The Cleveland of the Hamburg-American Packetfahrt-Actien-Gesellschaft (Hapag) was a passenger ship built by Blohm & Voss for the North Atlantic traffic . Chartered by an American tourism company, she was the first ship to make two cruises almost around the world. The Cleveland was at home in 1914 and had to be delivered in 1919.
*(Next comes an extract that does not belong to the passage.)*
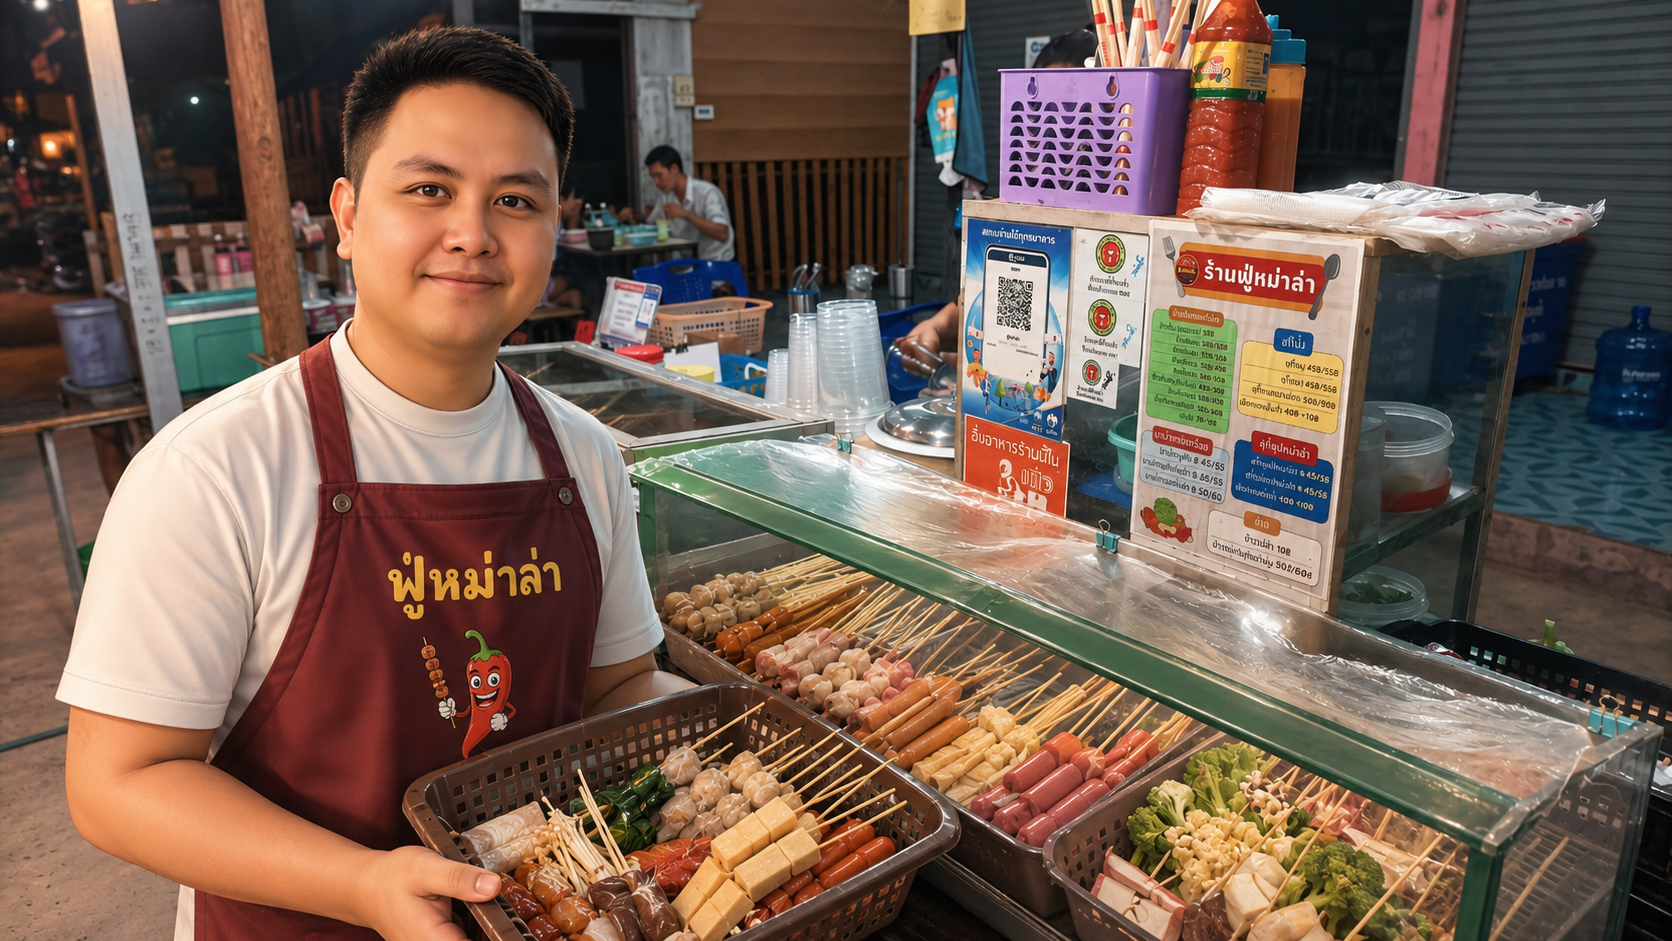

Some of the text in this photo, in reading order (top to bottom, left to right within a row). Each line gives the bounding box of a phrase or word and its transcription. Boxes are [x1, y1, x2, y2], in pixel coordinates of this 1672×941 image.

After the war, the ship was briefly in service as the USS Mobile (identification: ID-4030) as a troop transport , then as King Alexander in liner service. From 1923 it was used by an American line flying the Panamanian flag in a shared timetable with Hapag under its old name between Hamburg and New York. Hapag bought the ship back in July 1926 and used it on the North Atlantic until 1931 .

Building history

In 1908, Hapag awarded construction contracts for two twin screw steamers to the German shipyards Blohm & Voss in Hamburg and F. Schichau in Danzig . The more than 16,000 GRT two-chimney steamers should not only have about 500 passengers in the two usual classes but also up to 500 passengers in a III. Can accommodate cabin class and thus take account of the increasing prosperity of broader social groups who could afford more comfort for the crossing. In addition, these ships should also be able to transport over 1,800 travelers on the tween deck. The two steamers came into service in 1909 as Cleveland and Cincinnati .

In the service of Hapag

The Cleveland started as the first of the sister ships on March 27, 1909 on her maiden voyage from Hamburg to New York , where the steamer arrived on April 8. On the first voyages of the new ship, the second class was so popular that the third class cabins had to be converted for the next voyages.

The first world trips

The Cleveland was chartered in her first year of service by the American tourism company Frank C. Clark , which had taken up Hapag's plans for a world tour. With 618 passengers it left New York on October 15, 1909 and ran via Madeira through the Mediterranean to India and then via the Dutch East Indies to East Asia. A total of 21 ports (including Gibraltar , Naples , Port Said - with an excursion to Cairo -, Suez , Bombay  - with excursions into the interior of India - Colombo , Calcutta , Rangoon , Singapore , Batavia , Labuan , Manila , Hong Kong  - with an excursion to Canton  - , Nagasaki , Kobe , Yokohama ) were called on the voyage before the Cleveland reached the end of the voyage in San Francisco on January 31, 1910 via Honolulu . There the ship was partially released for inspection and 20,000 Americans are said to have visited their lounges in one day. On almost the same route, the Cleveland then started the return voyage in February, with calls to Great Britain and Ireland after the Mediterranean. For the guests, the cruise ended either in Genoa on May 13th or in Southampton on May 20th with the transition to a liner steamer to New York while the ship went to Hamburg to be overtaken.

The Colorado

On the world tour organized by Hapag from November 1911, the Cleveland collided with the cruiser Colorado lying at the pier on January 12, 1912 when she entered Honolulu . The cause was the sudden death of the harbor pilot Milton P. Sanders on the bridge of the Cleveland , which ran uncontrolled for a moment. The damage to the American cruiser was not very significant.

Another line service

The Cleveland was used in liner service between her cruises and the existing third class was widely accepted. On May 24, 1913, she ran for the last time from Hamburg via Southampton and Cherbourg to New York. On July 10, 1913, she was used for the first time on the line from Hamburg via Boulogne-sur-Mer and Southampton to Boston , on which her sister ship Cincinnati had been in service since May. For both ships this line became the main line of their operations in the regular service and the Cincinnati was in Boston at the outbreak of war while the Cleveland was in Hamburg. Their deployment on a five-month first real world tour through the Panama Canal was to begin on December 30, 1914.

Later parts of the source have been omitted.